### Exercise goal
Transcribe the listing verbatim, please, with images dropped.

§ §

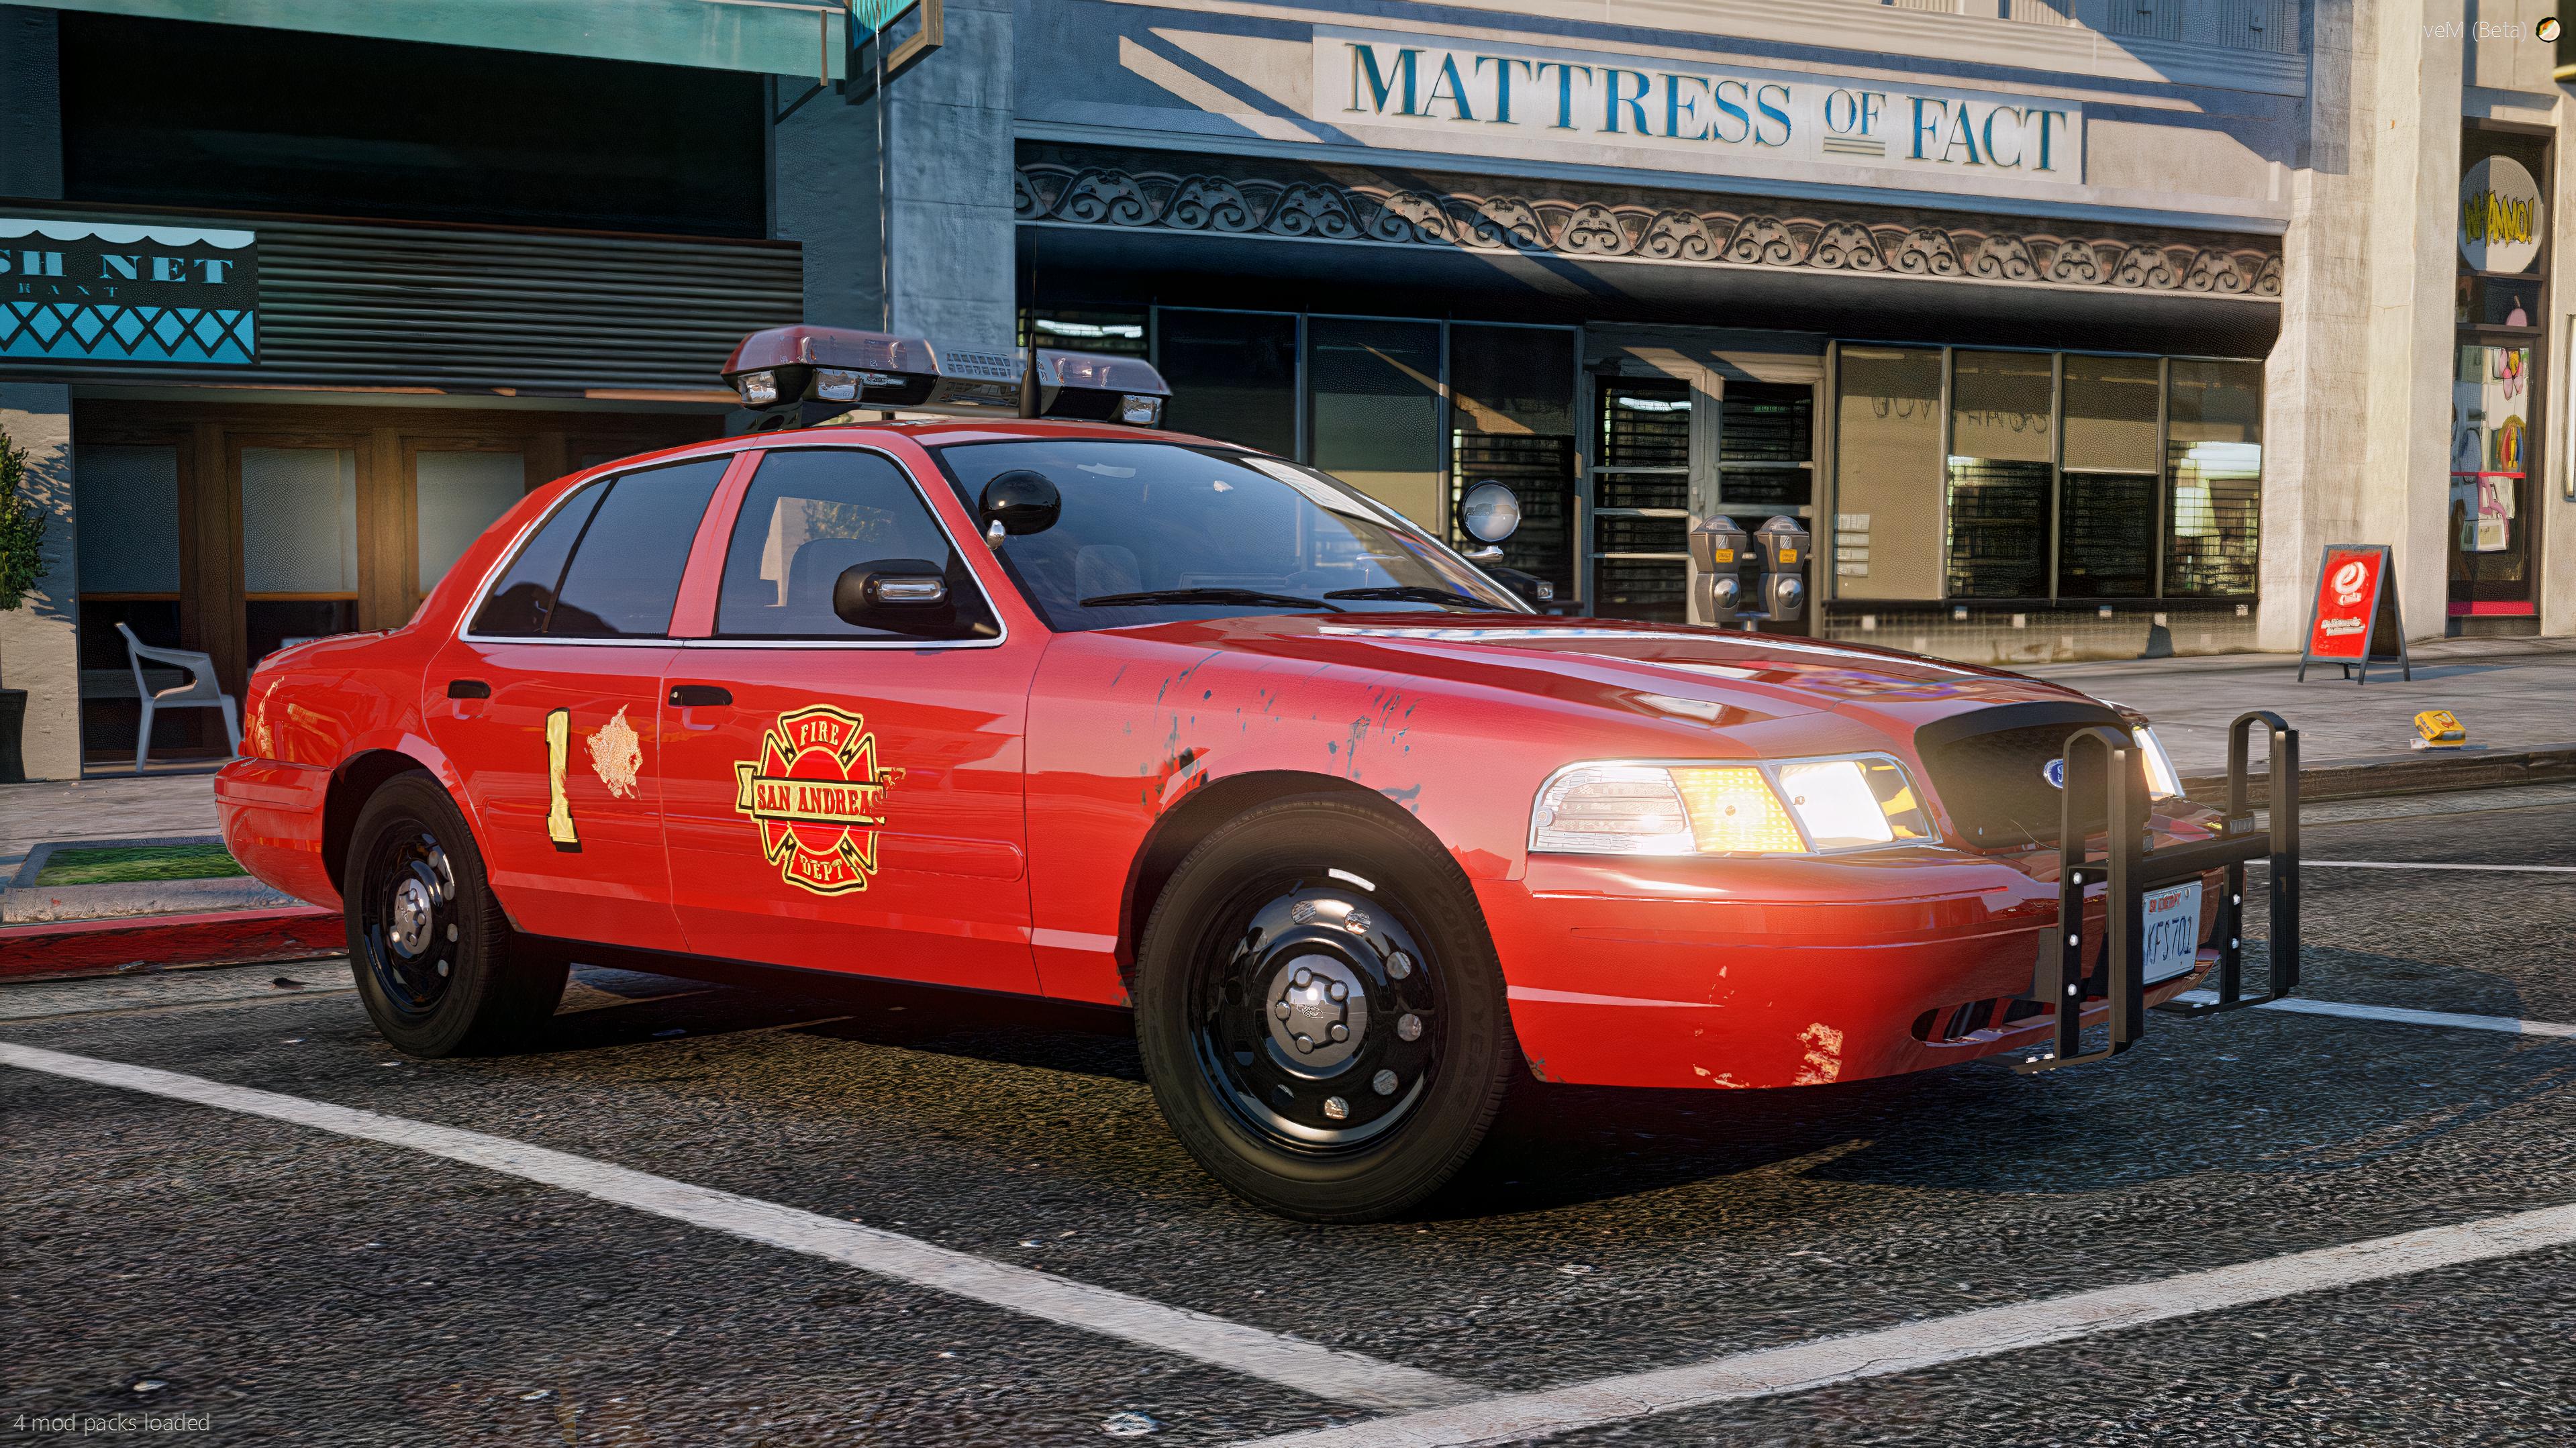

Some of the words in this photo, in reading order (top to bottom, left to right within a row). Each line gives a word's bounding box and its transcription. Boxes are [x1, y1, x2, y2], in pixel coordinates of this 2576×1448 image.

[1343, 42, 1792, 147] MATTRESS
[1824, 89, 1887, 136] OF
[1905, 95, 2068, 172] FACT
[99, 254, 233, 284] NET
[799, 721, 840, 747] FIRE
[546, 707, 580, 849] 1
[756, 784, 791, 812] SAN
[797, 853, 844, 881] DEPT
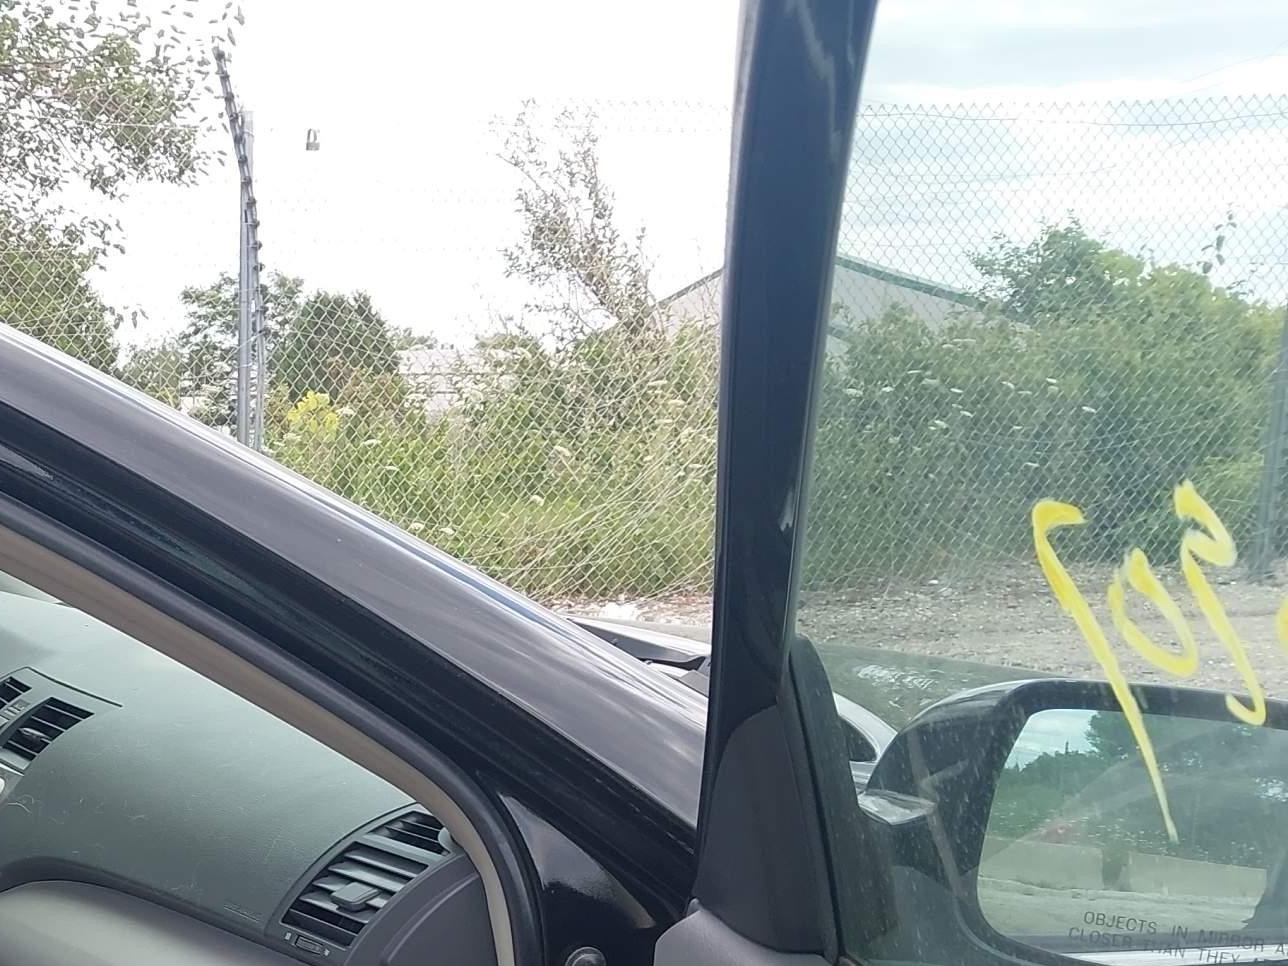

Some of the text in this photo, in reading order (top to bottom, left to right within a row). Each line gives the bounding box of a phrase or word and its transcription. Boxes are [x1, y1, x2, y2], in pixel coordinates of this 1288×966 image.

[1069, 927, 1133, 949] CLOSER
[1198, 947, 1241, 965] THEY
[1083, 911, 1158, 935] OBJECTS
[1172, 925, 1189, 941] IN
[1199, 930, 1265, 953] MIRROR
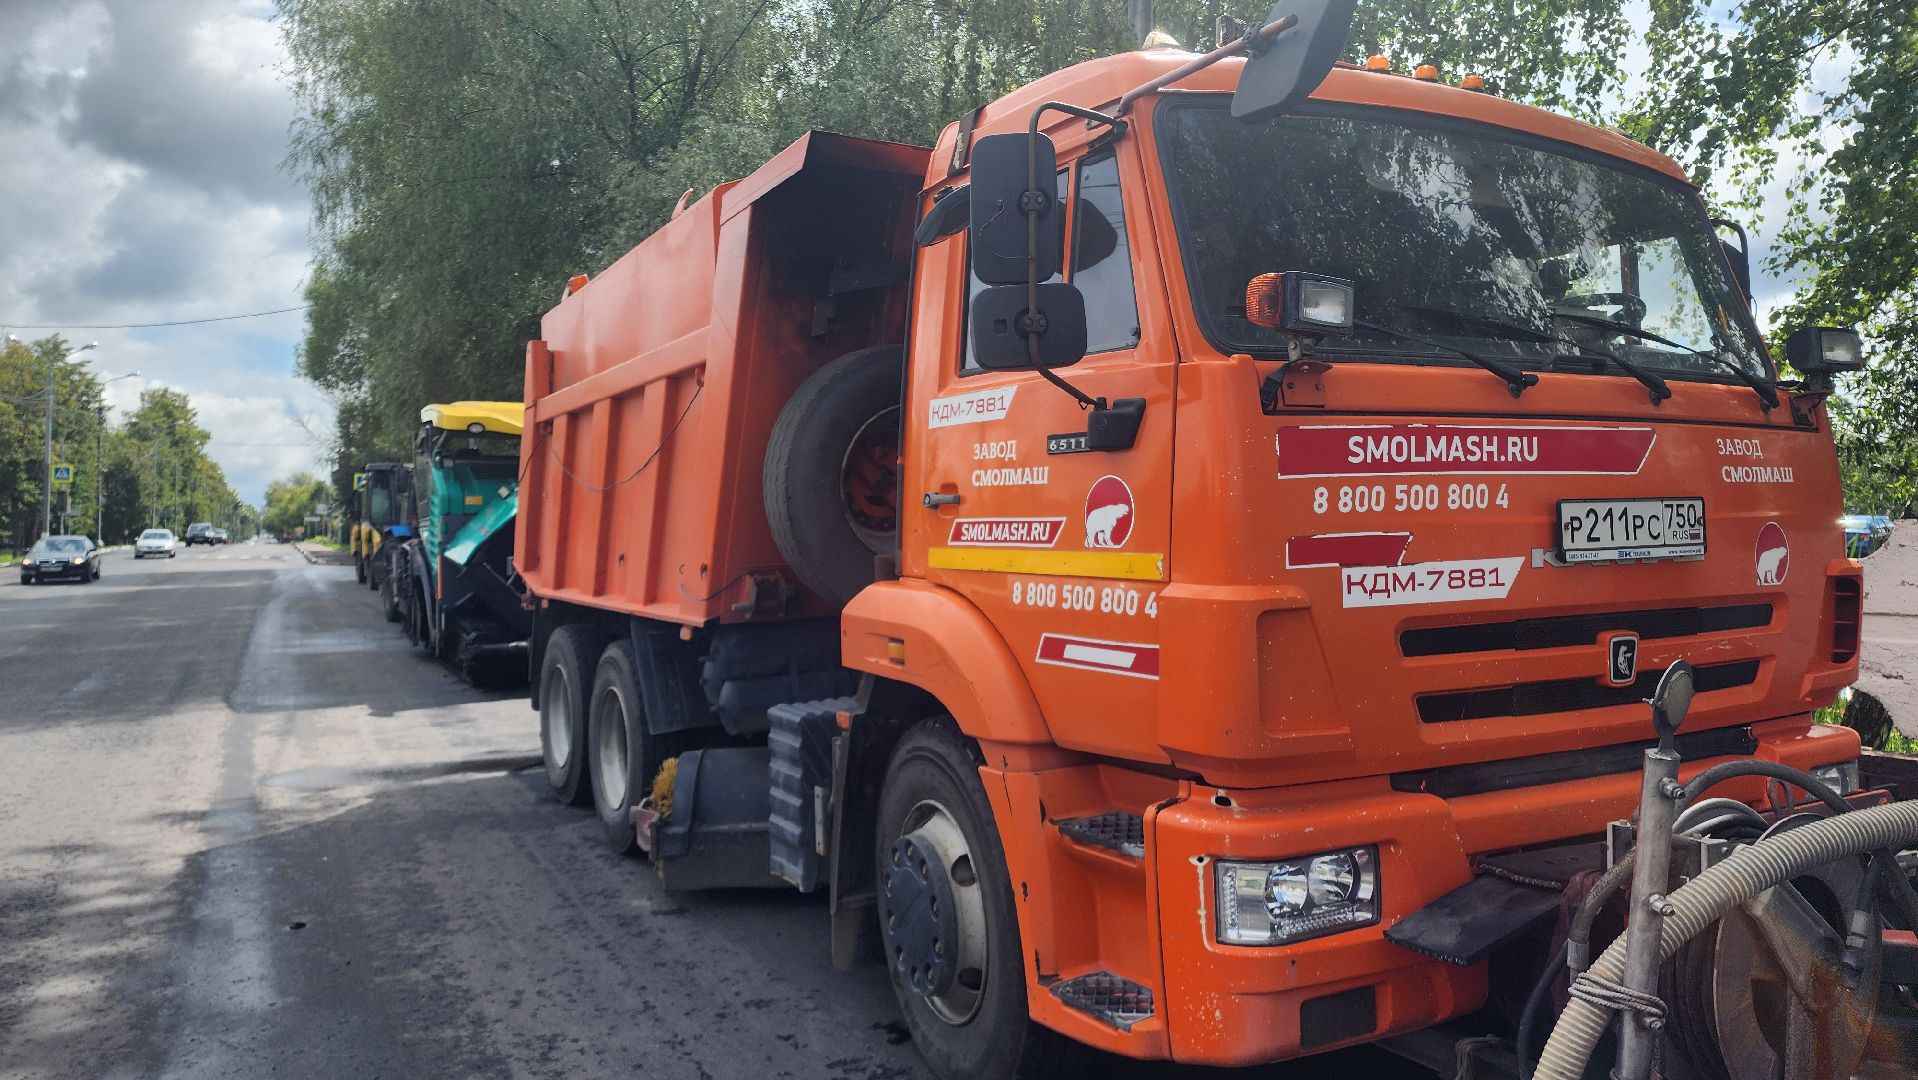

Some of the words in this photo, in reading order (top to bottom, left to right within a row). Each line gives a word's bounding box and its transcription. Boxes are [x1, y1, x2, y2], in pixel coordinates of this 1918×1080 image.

[931, 395, 1007, 423] КДМ-7881
[973, 440, 1017, 461] ЗАВОД
[1347, 435, 1538, 463] SMOLMASH.RU
[1716, 438, 1763, 459] ЗАВОД
[971, 466, 1049, 487] СМОЛМАШ
[1721, 466, 1795, 483] СМОЛМАШ
[1313, 486, 1329, 514] 8
[1338, 485, 1385, 513] 800
[1395, 484, 1438, 511] 500
[1447, 483, 1489, 509] 800
[1495, 483, 1509, 509] 4
[961, 522, 1050, 541] SMOLMASH.RU
[1570, 506, 1661, 543] Р211РС
[1663, 503, 1697, 530] 750
[1672, 529, 1689, 540] RUS
[1346, 566, 1506, 599] КДМ-7881
[1012, 581, 1022, 605] 8
[1026, 582, 1056, 608] 800
[1062, 585, 1095, 611] 500
[1100, 588, 1138, 616] 800
[1144, 592, 1158, 618] 4

§ §

### Exercise solution
Some of the words in this photo, in reading order (top to bottom, left to right within a row). Each line gives a word's bounding box and its transcription. Boxes are [x1, y1, x2, y2], in pixel coordinates of this 2576×1448 image.

[1343, 42, 1792, 147] MATTRESS
[1824, 89, 1887, 136] OF
[1905, 95, 2068, 172] FACT
[99, 254, 233, 284] NET
[799, 721, 840, 747] FIRE
[546, 707, 580, 849] 1
[756, 784, 791, 812] SAN
[797, 853, 844, 881] DEPT

Some of the text in this photo, in reading order (top to bottom, left to right within a row). Each line gives the bounding box of a phrase or word and its transcription. Boxes are [x1, y1, x2, y2], in pixel coordinates of this 1288×966 image.

[1069, 927, 1133, 949] CLOSER
[1198, 947, 1241, 965] THEY
[1083, 911, 1158, 935] OBJECTS
[1172, 925, 1189, 941] IN
[1199, 930, 1265, 953] MIRROR

Some of the words in this photo, in reading order (top to bottom, left to right within a row). Each line gives a word's bounding box and its transcription. Boxes are [x1, y1, x2, y2], in pixel coordinates of this 1918×1080 image.

[931, 395, 1007, 423] КДМ-7881
[973, 440, 1017, 461] ЗАВОД
[1347, 435, 1538, 463] SMOLMASH.RU
[1716, 438, 1763, 459] ЗАВОД
[971, 466, 1049, 487] СМОЛМАШ
[1721, 466, 1795, 483] СМОЛМАШ
[1313, 486, 1329, 514] 8
[1338, 485, 1385, 513] 800
[1395, 484, 1438, 511] 500
[1447, 483, 1489, 509] 800
[1495, 483, 1509, 509] 4
[961, 522, 1050, 541] SMOLMASH.RU
[1570, 506, 1661, 543] Р211РС
[1663, 503, 1697, 530] 750
[1672, 529, 1689, 540] RUS
[1346, 566, 1506, 599] КДМ-7881
[1012, 581, 1022, 605] 8
[1026, 582, 1056, 608] 800
[1062, 585, 1095, 611] 500
[1100, 588, 1138, 616] 800
[1144, 592, 1158, 618] 4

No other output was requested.